At least one commentator has stated the following:
"As always, the devil is in the details. With respect to the ability to use forward incorporation, the rules deliver far less than the promise contained in the broad language of the FAST Act. Currently, Form S-1 limits the ability to use historical incorporation by reference. The SEC has made the ability to forward incorporate subject to the same limitations. Accordingly, forward incorporation is not permitted for smaller reporting companies that are, or within the preceding three years have been, blank check companies, shell companies (other than business combination related shell companies) or issuers for offerings of penny stocks, or that are not current in their SEC reporting or have not yet filed an annual report for their most recently completed fiscal year. In addition, the issuer must make the incorporated Exchange Act reports available on its website. Based on the interim rules, forward incorporation is still unavailable for significant numbers of smaller reporting companies."

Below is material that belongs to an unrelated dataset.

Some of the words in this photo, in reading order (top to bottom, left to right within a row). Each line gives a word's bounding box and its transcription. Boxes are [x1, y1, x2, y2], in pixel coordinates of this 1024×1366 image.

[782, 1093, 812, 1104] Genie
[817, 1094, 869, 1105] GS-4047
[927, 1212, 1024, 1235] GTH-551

Here is the full text of the SEC staff interpretations of the FAST Act:
Fixing America’s Surface Transportation (FAST) Act
Updated: December 21, 2015
These Compliance and Disclosure Interpretations relate to the FAST Act, which affected various provisions of the federal securities laws. The bracketed date following each C&DI is the latest date of publication or revision. See also Division Announcement: Recently Enacted Transportation Law Includes a Number of Changes to the Federal Securities Laws (Dec. 10, 2015).

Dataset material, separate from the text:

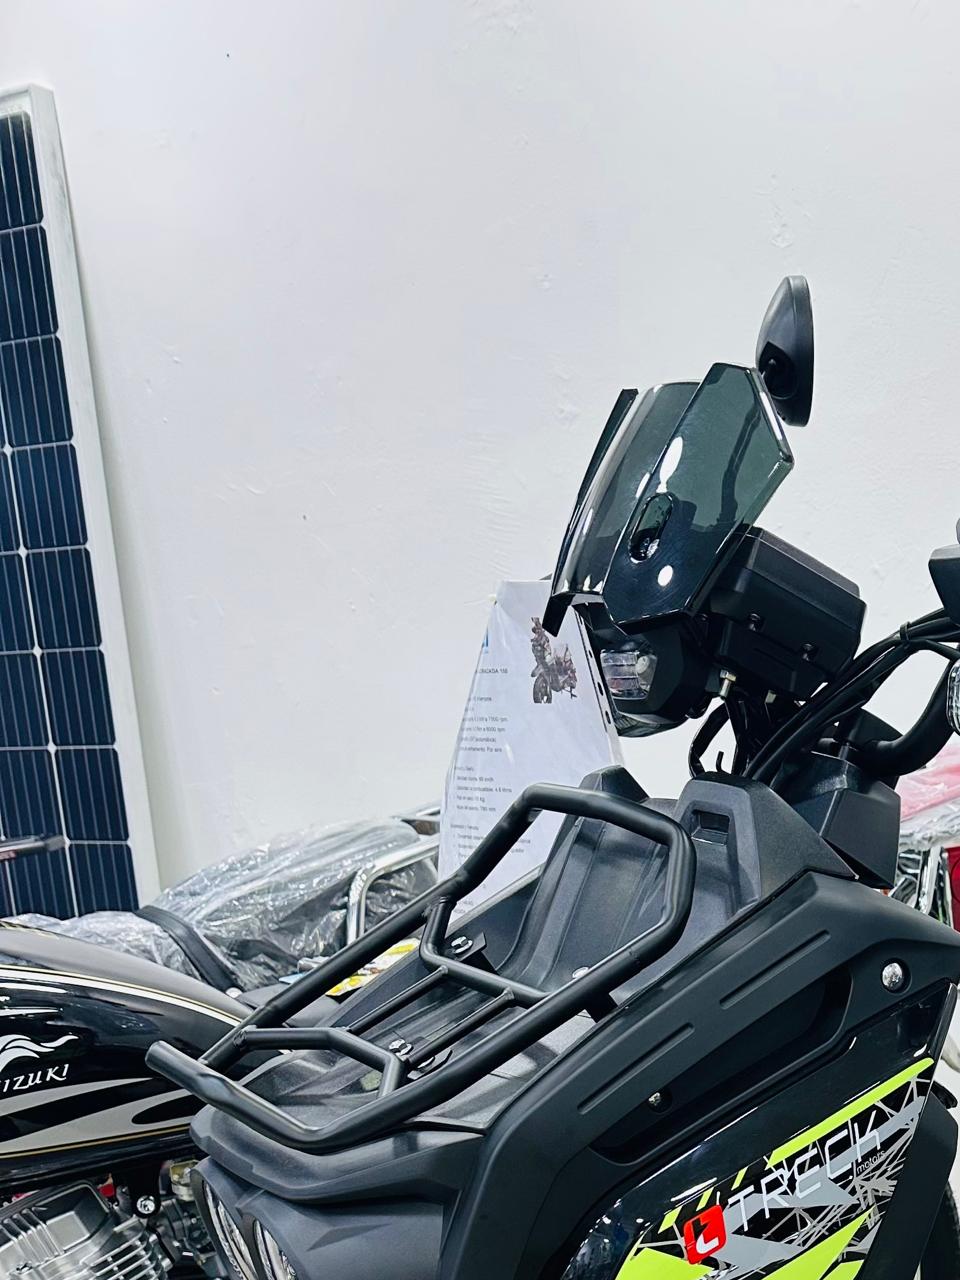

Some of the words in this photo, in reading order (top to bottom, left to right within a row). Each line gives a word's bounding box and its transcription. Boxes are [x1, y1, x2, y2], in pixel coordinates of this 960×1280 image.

[0, 1064, 69, 1093] IZUKI
[727, 1109, 881, 1232] TRECK
[856, 1150, 886, 1174] motors
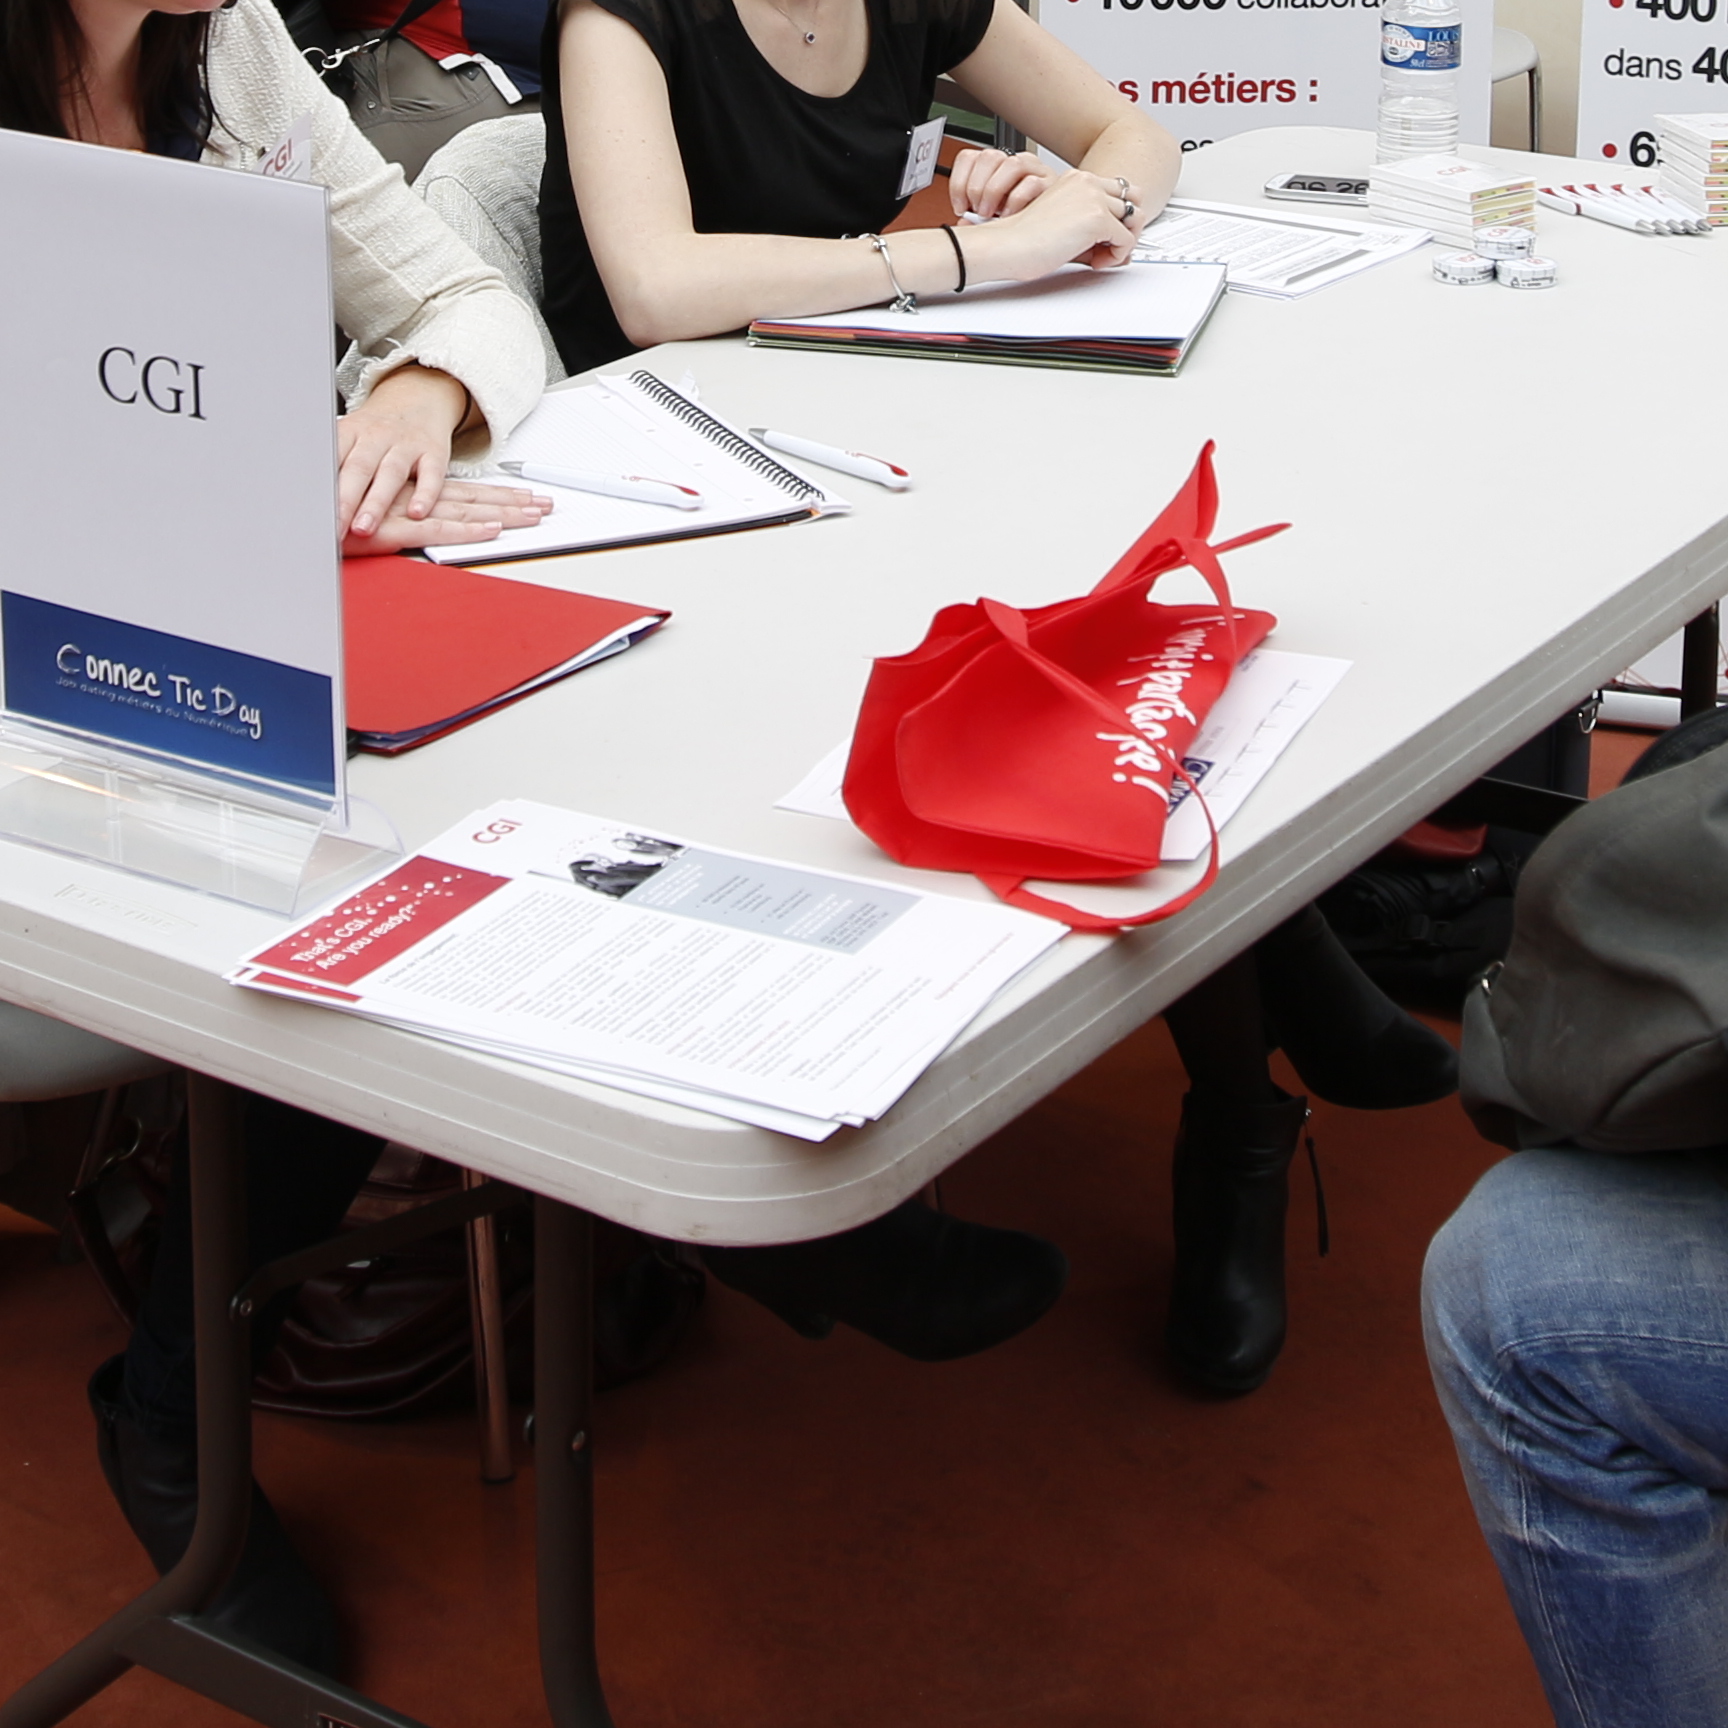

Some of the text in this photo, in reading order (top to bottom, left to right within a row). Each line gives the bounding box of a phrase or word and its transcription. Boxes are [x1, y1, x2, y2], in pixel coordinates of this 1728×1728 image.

The Frequently Asked Questions of General Applicability on Title I of the JOBS Act and Frequently Asked Questions on Confidential Submission Process for Emerging Growth Companies have been updated to reflect enactment of the FAST Act.
Question: May an EGC issuer omit interim financial statements from its filing or submission for a period that has financial information that will be included within required financial statements covering a longer interim or annual period at the time of the offering, even though the shorter period will not be presented separately at that time?

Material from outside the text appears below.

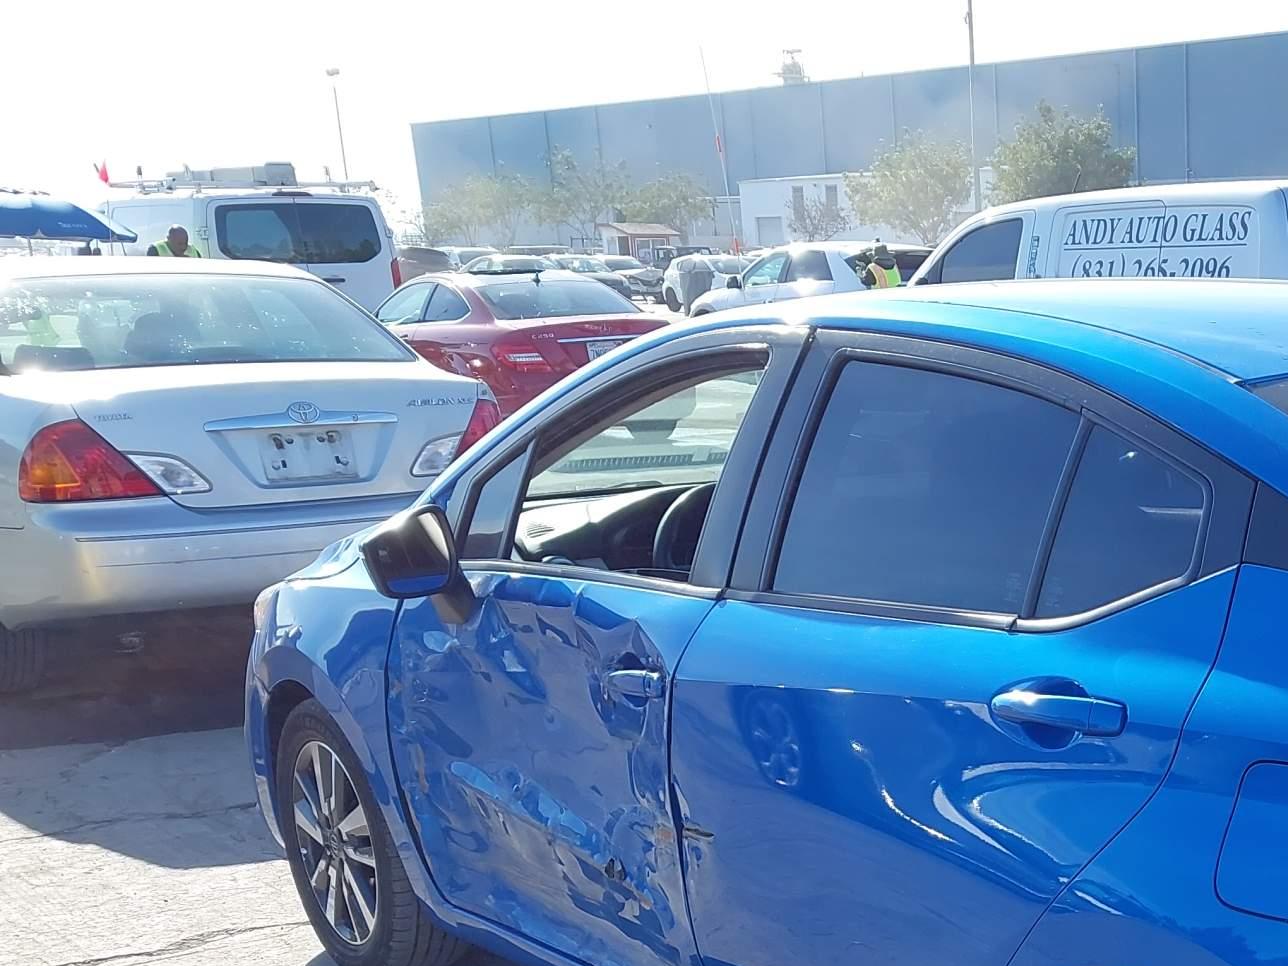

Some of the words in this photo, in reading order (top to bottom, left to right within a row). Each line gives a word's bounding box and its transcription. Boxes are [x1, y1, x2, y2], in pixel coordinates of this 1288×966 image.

[1064, 217, 1122, 246] ANDY
[1121, 214, 1178, 244] AUTO
[1183, 210, 1252, 243] GLASS

Section 71003 of the FAST Act allows an issuer to omit financial information that “relates to a historical period that the issuer reasonably believes will not be required to be included…at the time of the contemplated offering.” Interim financial information “relates” to both the interim period and to any longer period (either interim or annual) into which it has been or will be included.
For example, consider a calendar year-end EGC that submits or files a registration statement in December 2015 and reasonably expects to commence its offering in April 2016 when annual financial statements for 2015 and 2014 will be required. This issuer may omit its 2013 annual financial statements from the December filing. However, the issuer may not omit its nine-month 2014 and 2015 interim financial statements because those statements include financial information that relates to annual financial statements that will be required at the time of the offering in April 2016. [Dec. 10, 2015]
Question: May an EGC issuer omit financial statements of other entities from its filing or submission if it reasonably believes that those financial statements will not be required at the time of the offering?
Section 71003 of the FAST Act is not by its terms limited to financial statements of the issuer. Thus, the issuer could omit financial statements of, for example, an acquired business required by Rule 3-05 of Regulation S-X if the issuer reasonably believes those financial statements will not be required at the time of the offering. This situation could occur when an issuer updates its registration statement to include its 2015 annual financial statements prior to the offering and, after that update, the acquired business has been part of the issuer’s financial statements for a sufficient amount of time to obviate the need for separate financial statements. SeeSection 2030.4 of the Division of Corporation Finance’s Financial Reporting Manual. [Dec. 10, 2015]
Question: How did the FAST Act affect Section 12(g) and Section 15(d) of the Exchange Act?
Answer: Section 85001 of the FAST Act amended Section 12(g) and Section 15(d) of the Exchange Act so that savings and loan holding companies are treated in a similar manner to bank holding companies for the purposes of registration, termination of registration or suspension of their Exchange Act reporting obligation. In particular, the FAST Act amends Section 12(g) and Section 15(d) of the Exchange Act as follows:
- Savings and loan holding companies, as such term is defined in Section 10 of the Home Owners’ Loan Act, will have a Section 12(g) registration obligation as of any fiscal year-end after December 4, 2015 with respect to a class of equity security held of record by 2,000 or more persons.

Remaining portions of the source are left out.